> _Problem to work on_: For each entry, restate it word for word while omitting any image it holds.

> _Data records_:

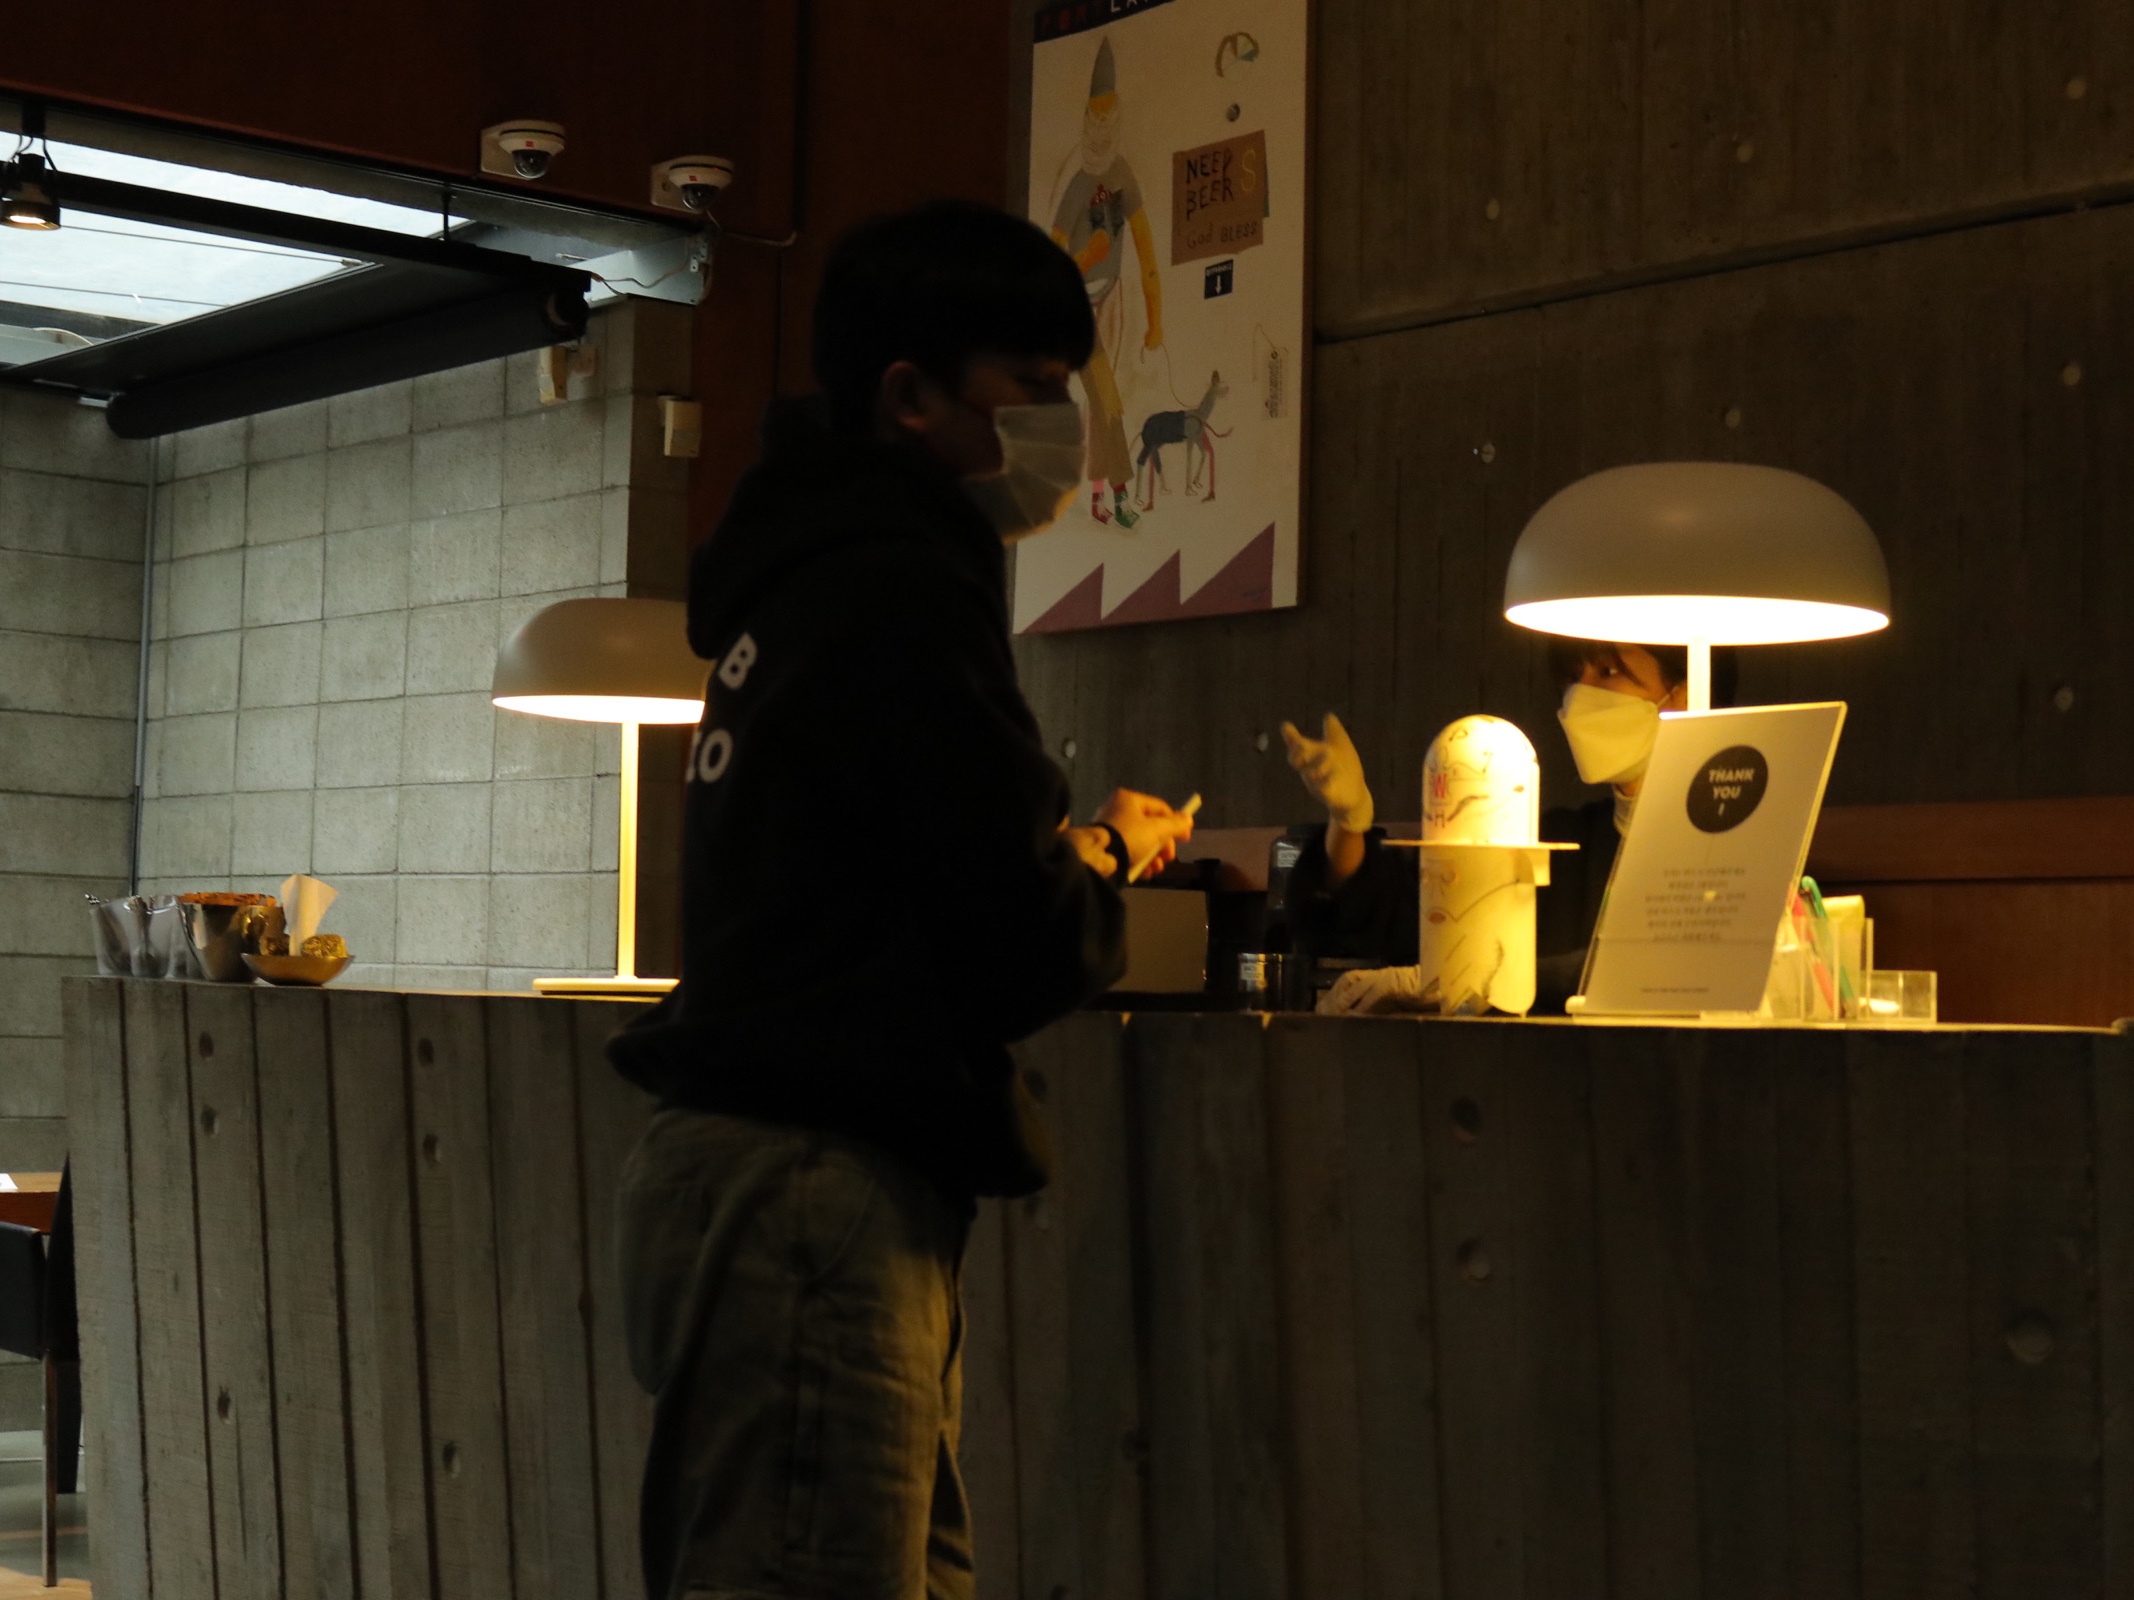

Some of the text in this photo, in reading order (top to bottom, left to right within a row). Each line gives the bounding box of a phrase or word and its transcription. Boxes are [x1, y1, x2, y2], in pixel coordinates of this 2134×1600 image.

[1186, 177, 1234, 221] BEER
[1220, 220, 1258, 243] BLESS
[718, 631, 759, 690] B
[1708, 767, 1756, 783] THANK
[1713, 785, 1742, 800] YOU
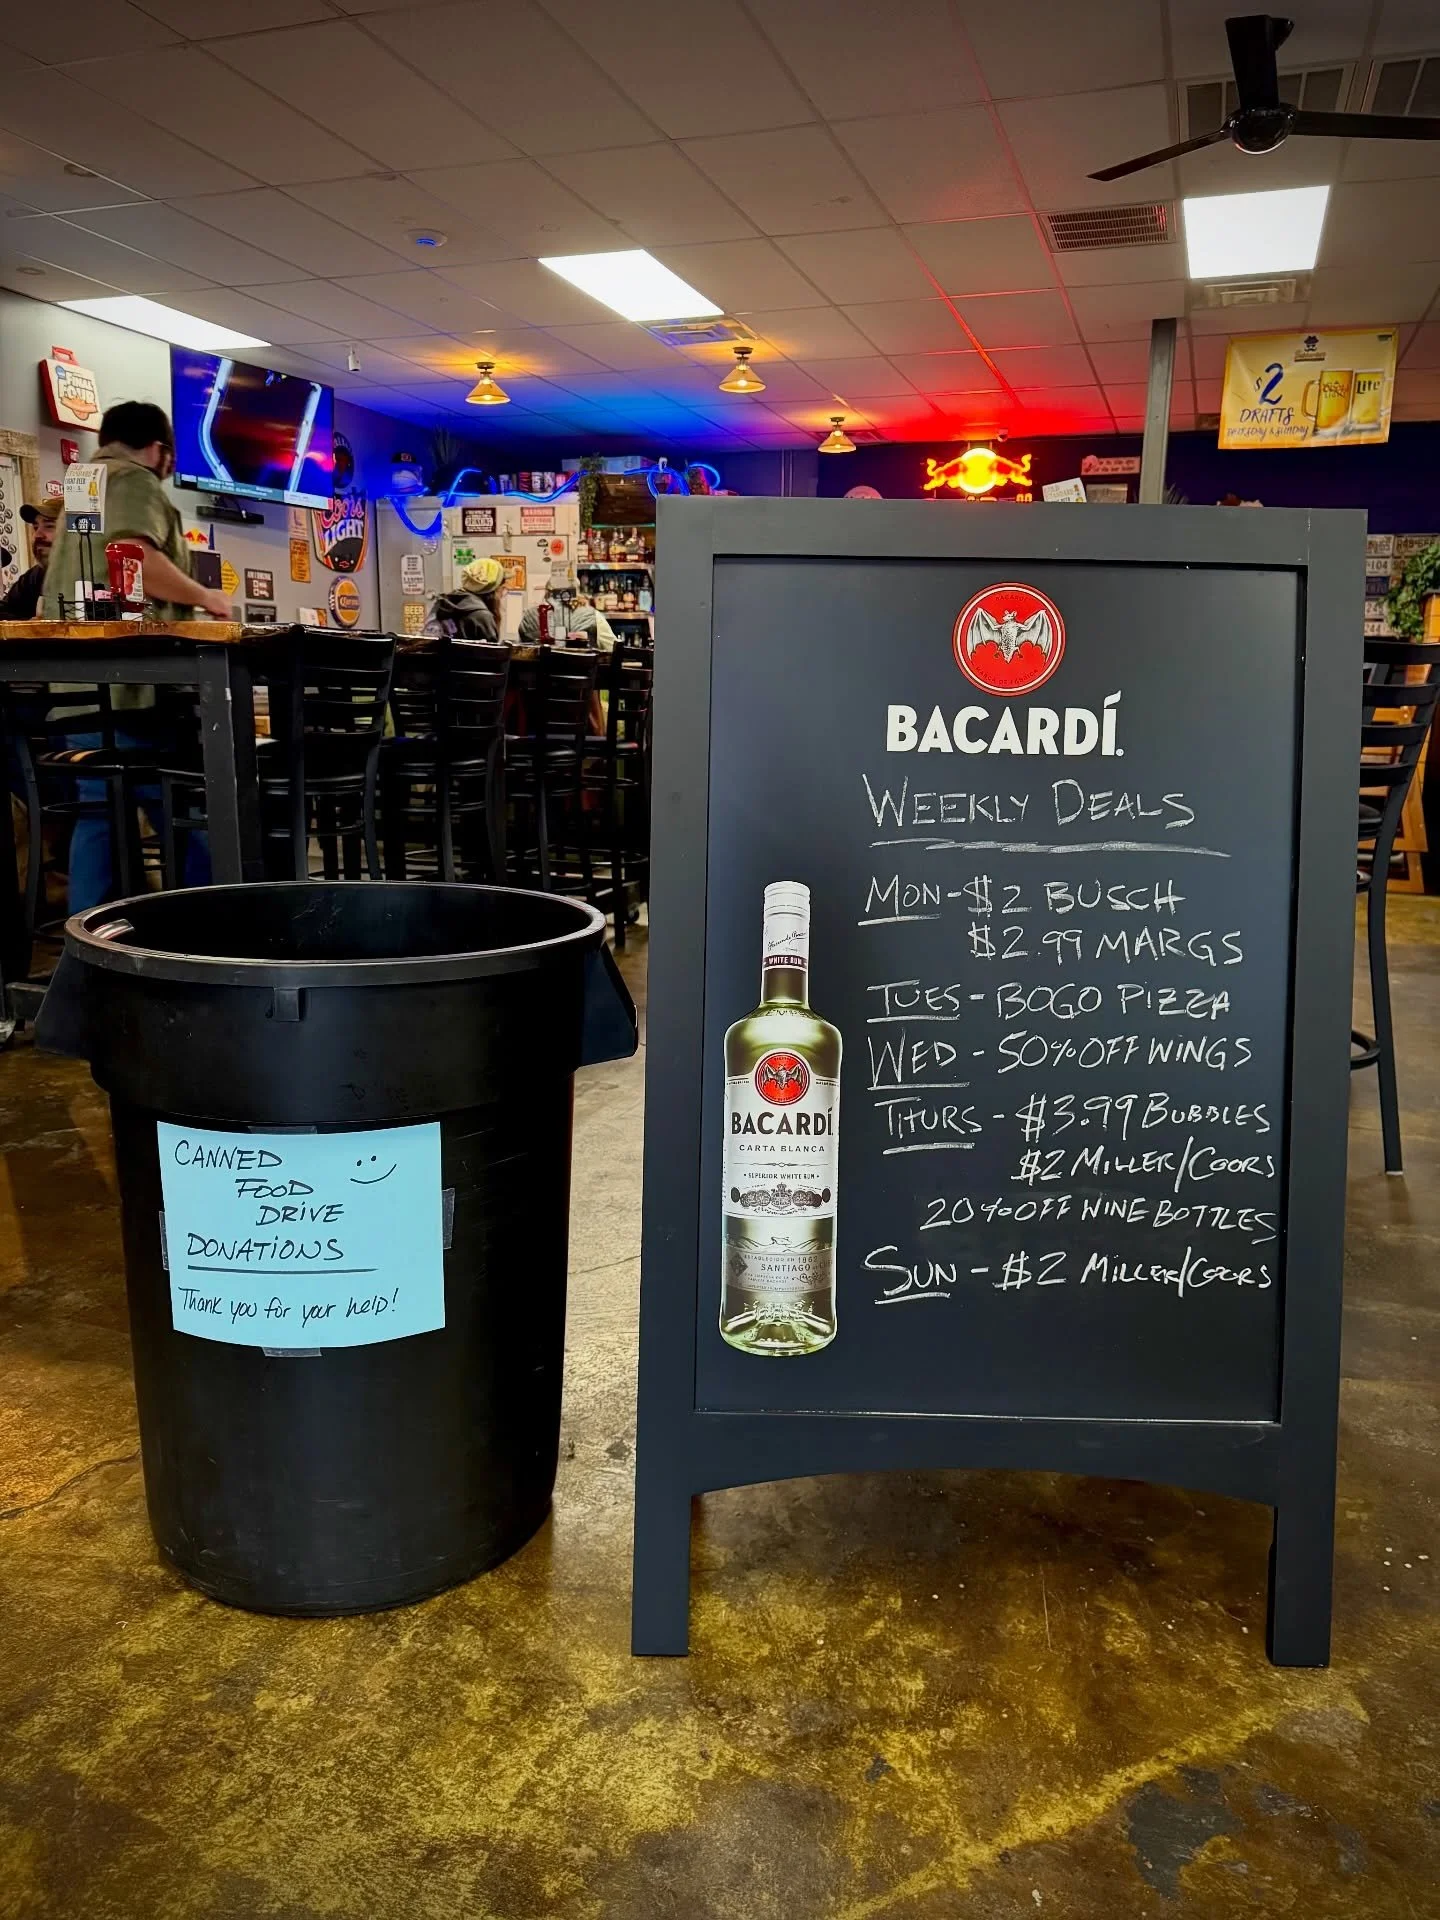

> _Finished exercise_:
Some of the text in this photo, in reading order (top to bottom, left to right within a row). Each line gives the bounding box of a phrase or word and its transcription. Boxes are [x1, y1, x2, y2], in pixel coordinates of this 2134×1600 image.

[1186, 177, 1234, 221] BEER
[1220, 220, 1258, 243] BLESS
[718, 631, 759, 690] B
[1708, 767, 1756, 783] THANK
[1713, 785, 1742, 800] YOU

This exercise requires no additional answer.